Von den ersten Ausstellungen zum Museum
Die Wurzeln des Museums reichen bis in das Jahr 1981 zurück. Damals präsentierte der DRK-Ortsverein Beierfeld erstmals Exponate aus seiner historischen Sammlung. Offiziell gegründet wurde das Museum schließlich 1996 – zunächst in den Räumen eines ehemaligen Fabrikgebäudes.
Mit dem Umzug an die August-Bebel-Straße 73 in Beierfeld und einem späteren Erweiterungsbau entstanden ab 2006 die Voraussetzungen für eine feste Dauerausstellung sowie regelmäßig wechselnde Sonderausstellungen.

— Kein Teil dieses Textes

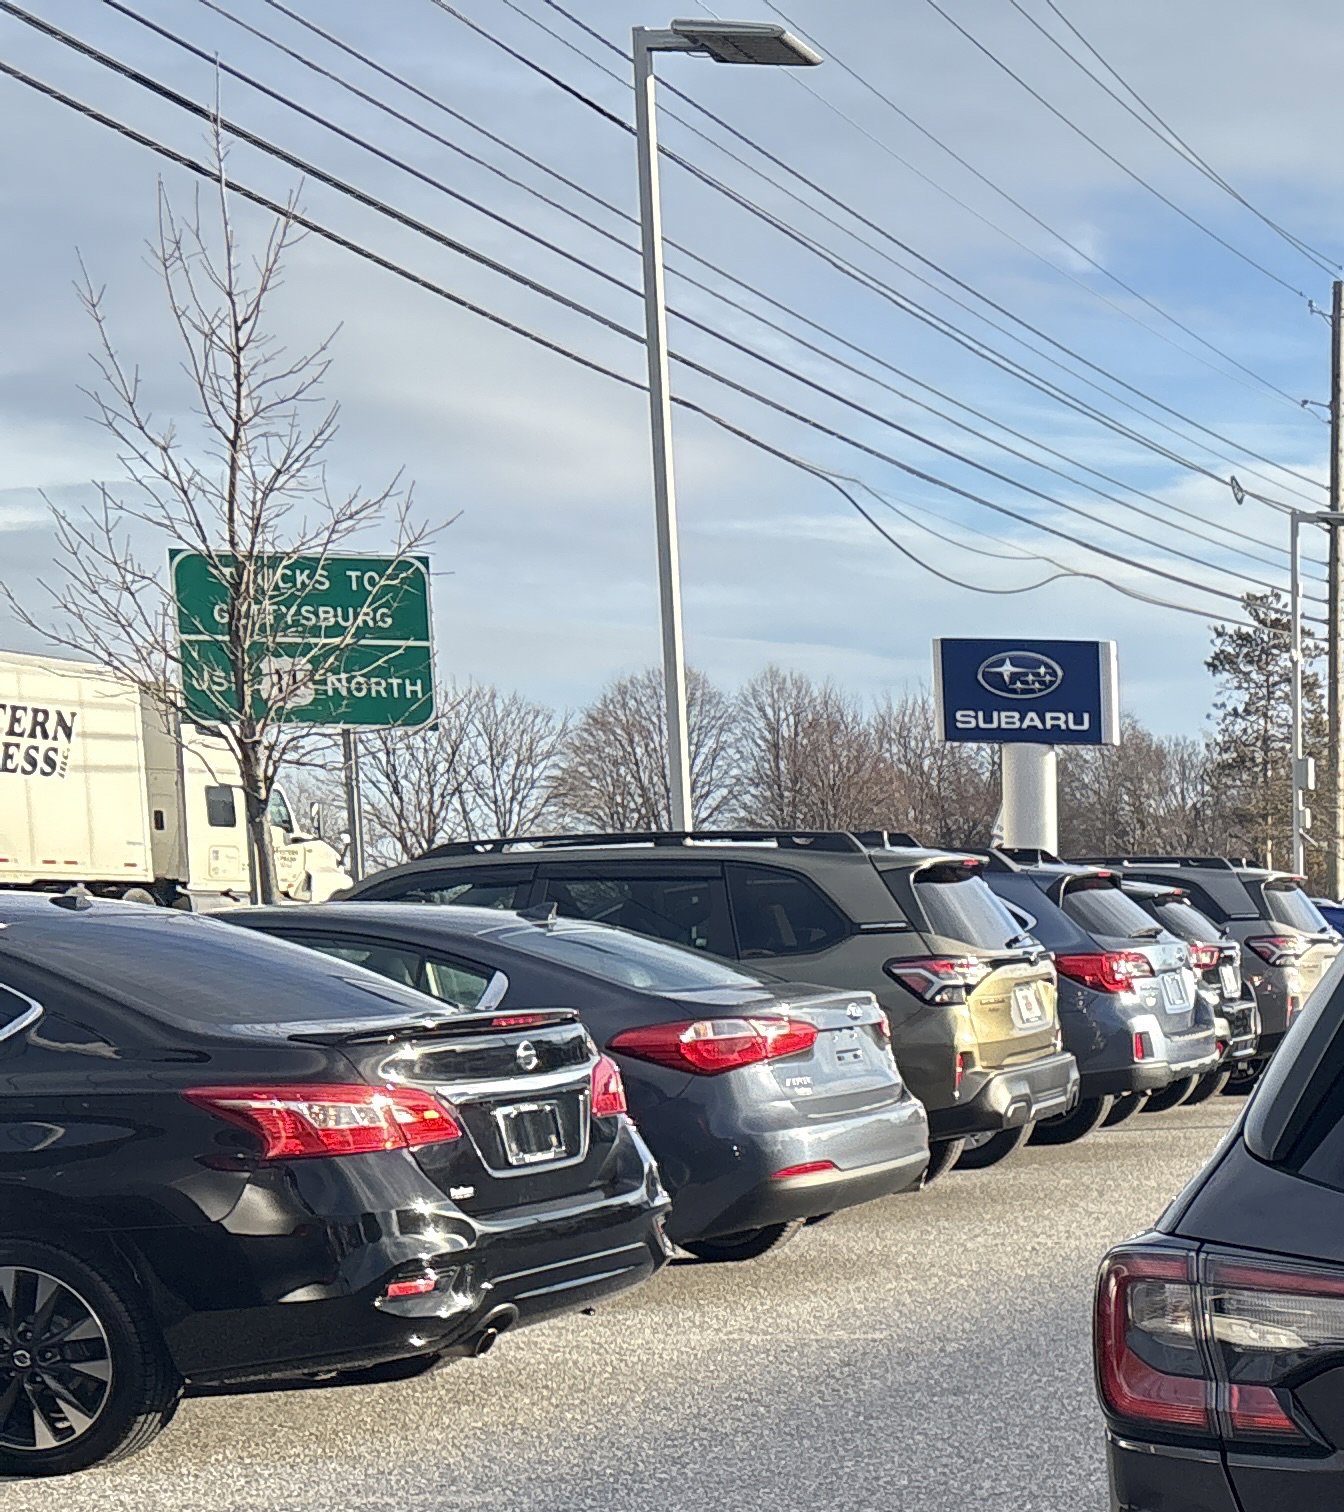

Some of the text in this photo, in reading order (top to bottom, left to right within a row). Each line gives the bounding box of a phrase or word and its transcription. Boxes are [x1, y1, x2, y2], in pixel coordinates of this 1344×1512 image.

[222, 567, 380, 591] TUCKS TO
[213, 604, 393, 628] GTTYSBURG
[326, 673, 423, 699] NORTH
[955, 710, 1090, 731] SUBARU

Dank an Ehrenamt und Unterstützer
Museumsleiter André Uebe dankte den ehrenamtlichen Mitarbeiterinnen und Mitarbeitern der Museumsgruppe sowie allen Unterstützern für ihr Engagement und das entgegengebrachte Vertrauen
„Ich denke heute mit großer Dankbarkeit an all jene, die dieses Haus aufgebaut haben, an diejenigen, die es über viele Jahre mit großem Engagement weiterentwickelt haben und auch an jene, die heute nicht mehr unter uns weilen.“
Erinnern heißt Verantwortung übernehmen
Auch Hermann Gröhe, Präsident des Deutschen Roten Kreuzes, würdigte in seinem Grußwort die Bedeutung des Museums und die Menschen hinter den Exponaten. Verlesen wurde die Botschaft von Thomas Klemp, Präsidiumsmitglied des DRK-Landesverbandes Sachsen e. V.

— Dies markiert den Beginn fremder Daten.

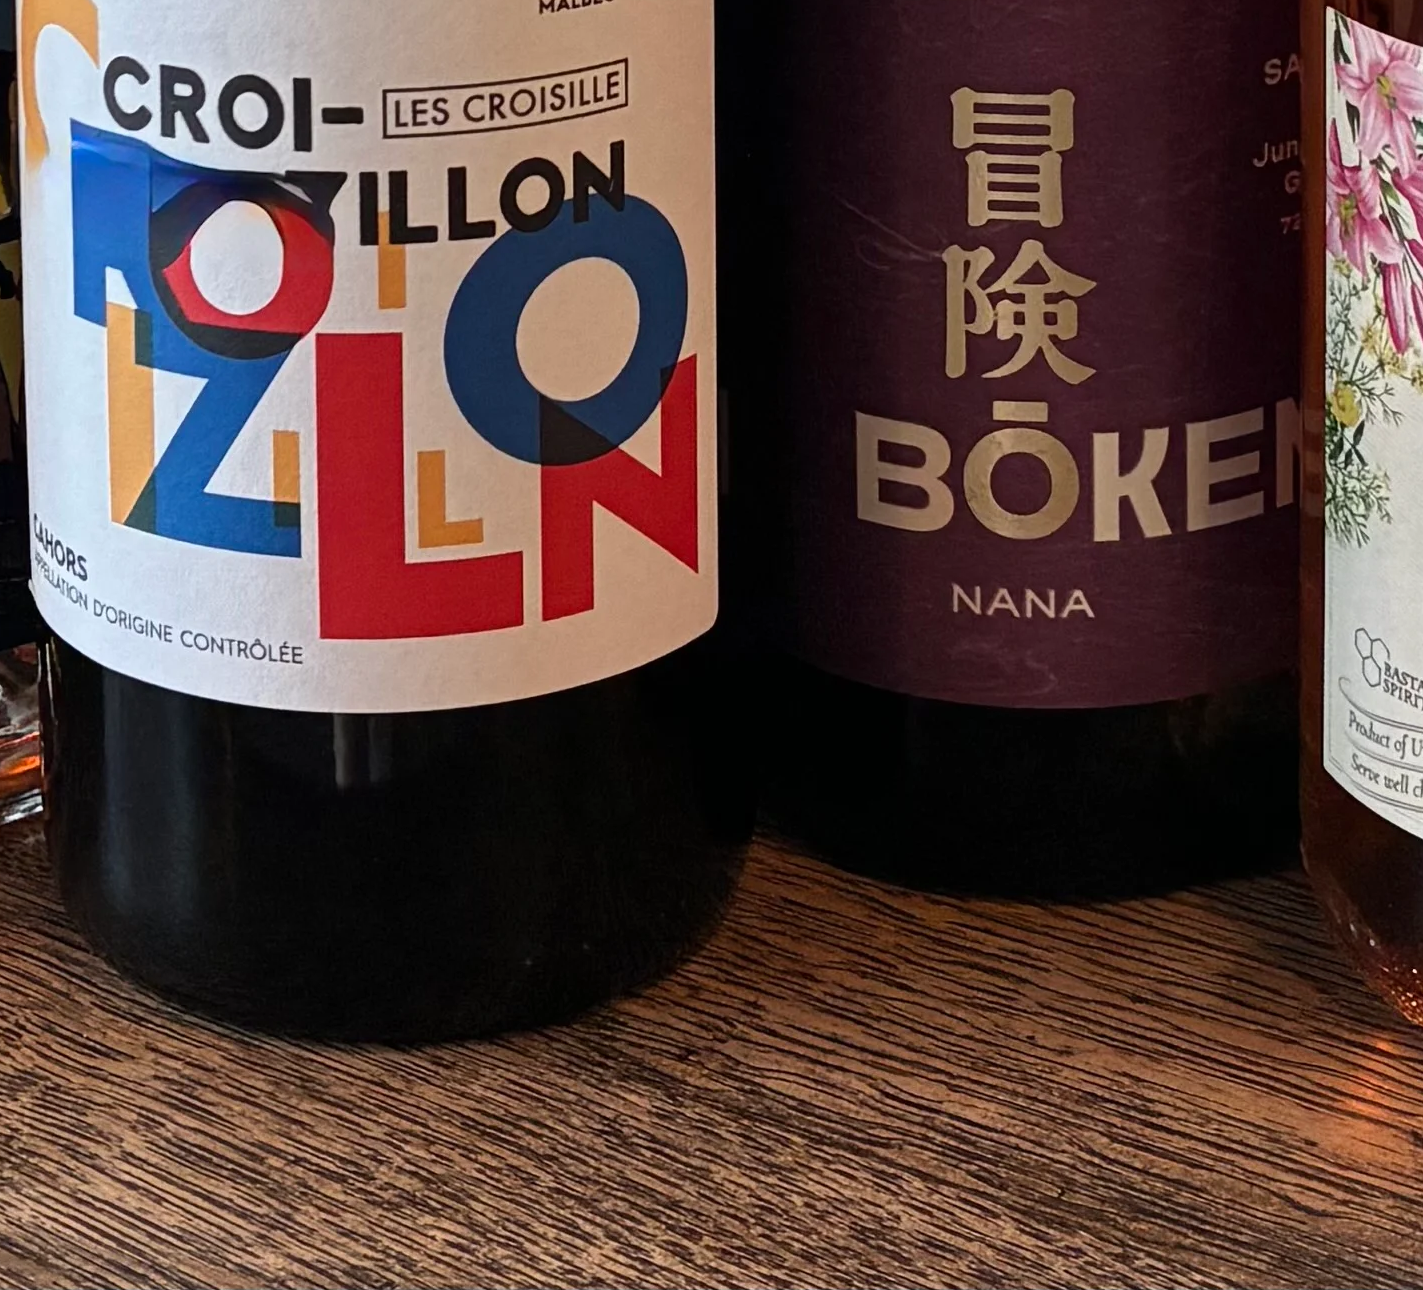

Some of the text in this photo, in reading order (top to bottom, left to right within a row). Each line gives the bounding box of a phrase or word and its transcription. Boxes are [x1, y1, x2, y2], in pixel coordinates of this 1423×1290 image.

[103, 55, 365, 153] CROI-
[394, 71, 621, 129] LES CROISILLE
[951, 582, 1097, 620] NANA
[179, 629, 304, 665] CONTRÔLÉE
[1348, 709, 1390, 749] Product
[1394, 733, 1409, 760] of
[1351, 752, 1380, 785] Serve
[1383, 773, 1409, 795] well

„… ein Museum wie dieses lebt von Menschen, die daran glauben, dass Erinnern wichtig ist, dass Verstehen wichtig ist – und dass wir aus der Vergangenheit für die Zukunft lernen können.“
Ein Museum mit Auftrag für die Zukunft
Während der Festveranstaltung wurde deutlich: Das Sächsische Rot-Kreuz-Museum versteht sich nicht nur als Ort der Präsentation historischer Exponate. Es leistet zugleich wichtige Beiträge zur Forschung und unterstützt wissenschaftliche Arbeiten zur Geschichte des Roten Kreuzes.

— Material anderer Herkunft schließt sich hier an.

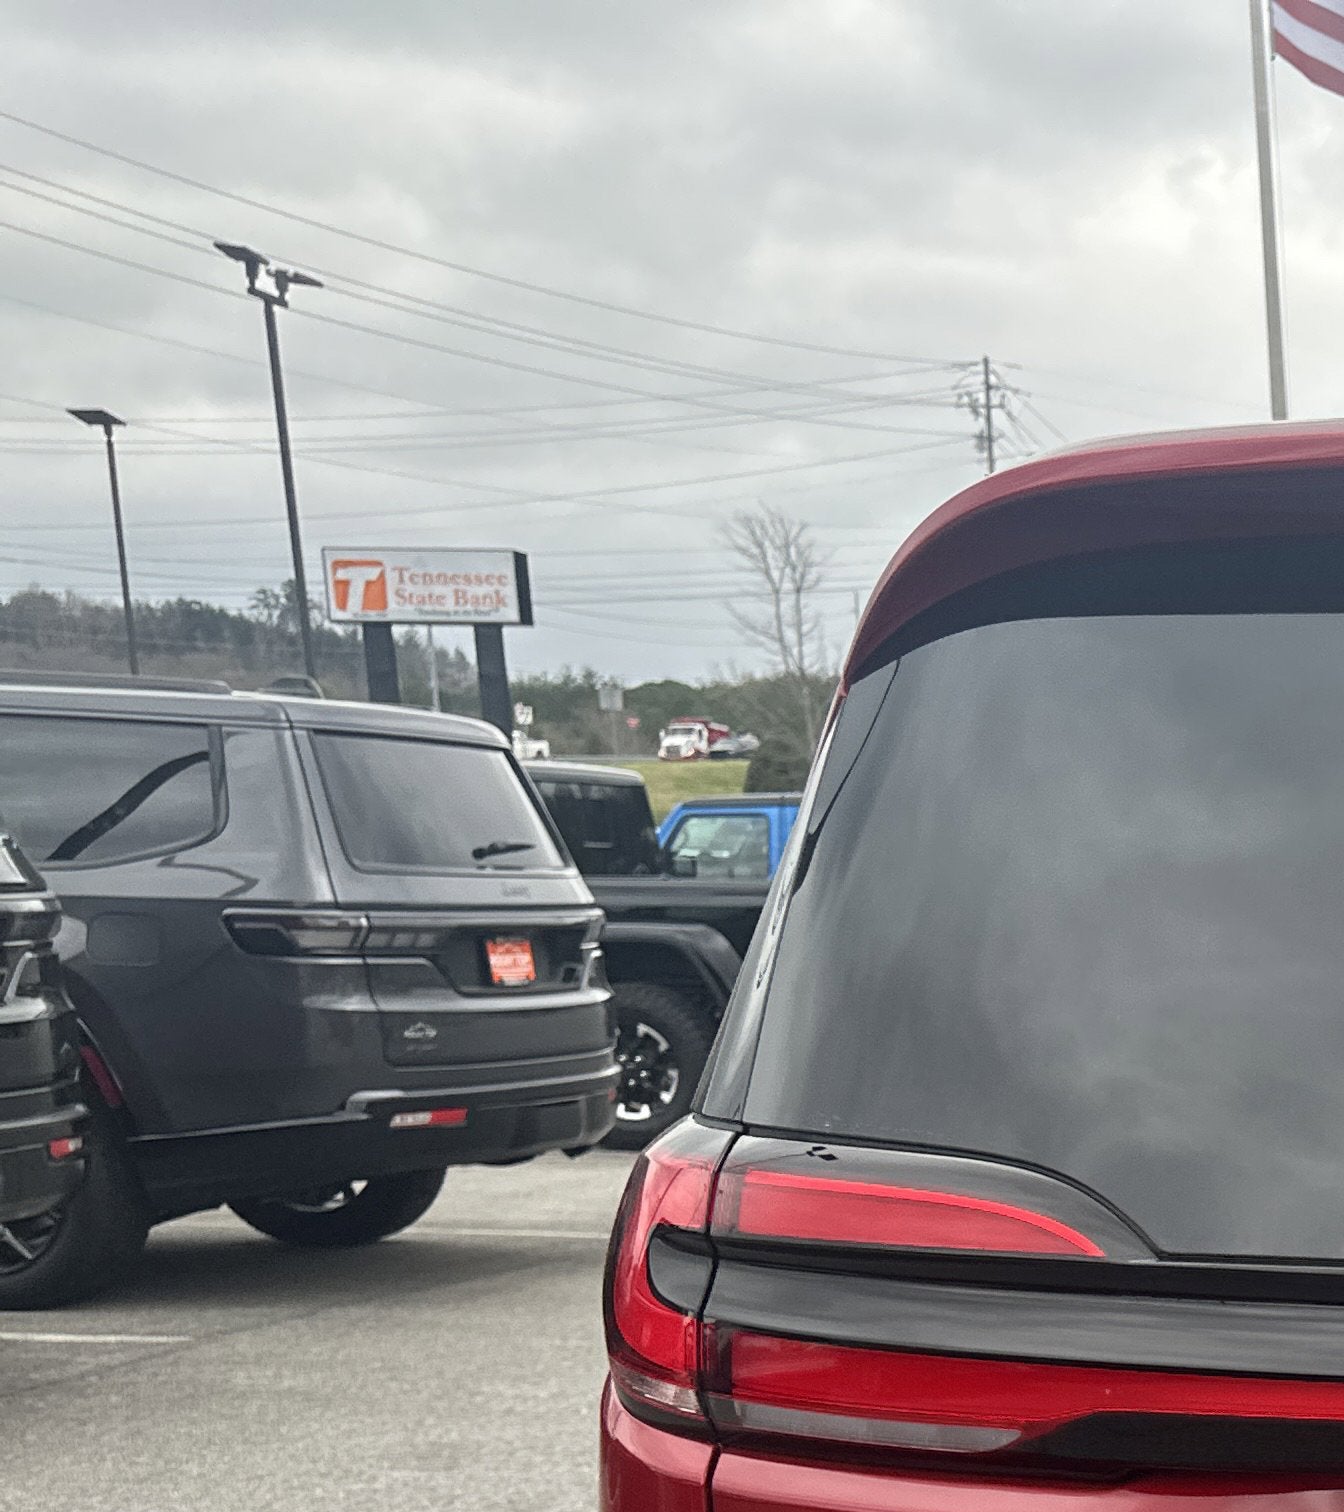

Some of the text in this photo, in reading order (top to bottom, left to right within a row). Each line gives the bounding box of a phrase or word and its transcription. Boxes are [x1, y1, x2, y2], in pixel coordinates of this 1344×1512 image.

Um diese Aufgaben auch künftig erfüllen zu können, bleibt das Museum auf die finanzielle Unterstützung vieler Partner und Förderer sowie den Einsatz ehrenamtlich Engagierter angewiesen. Gleichzeitig geht ein herzlicher Dank an alle, die bereits jetzt durch Spenden oder Fördergelder zum Erhalt beigetragen haben.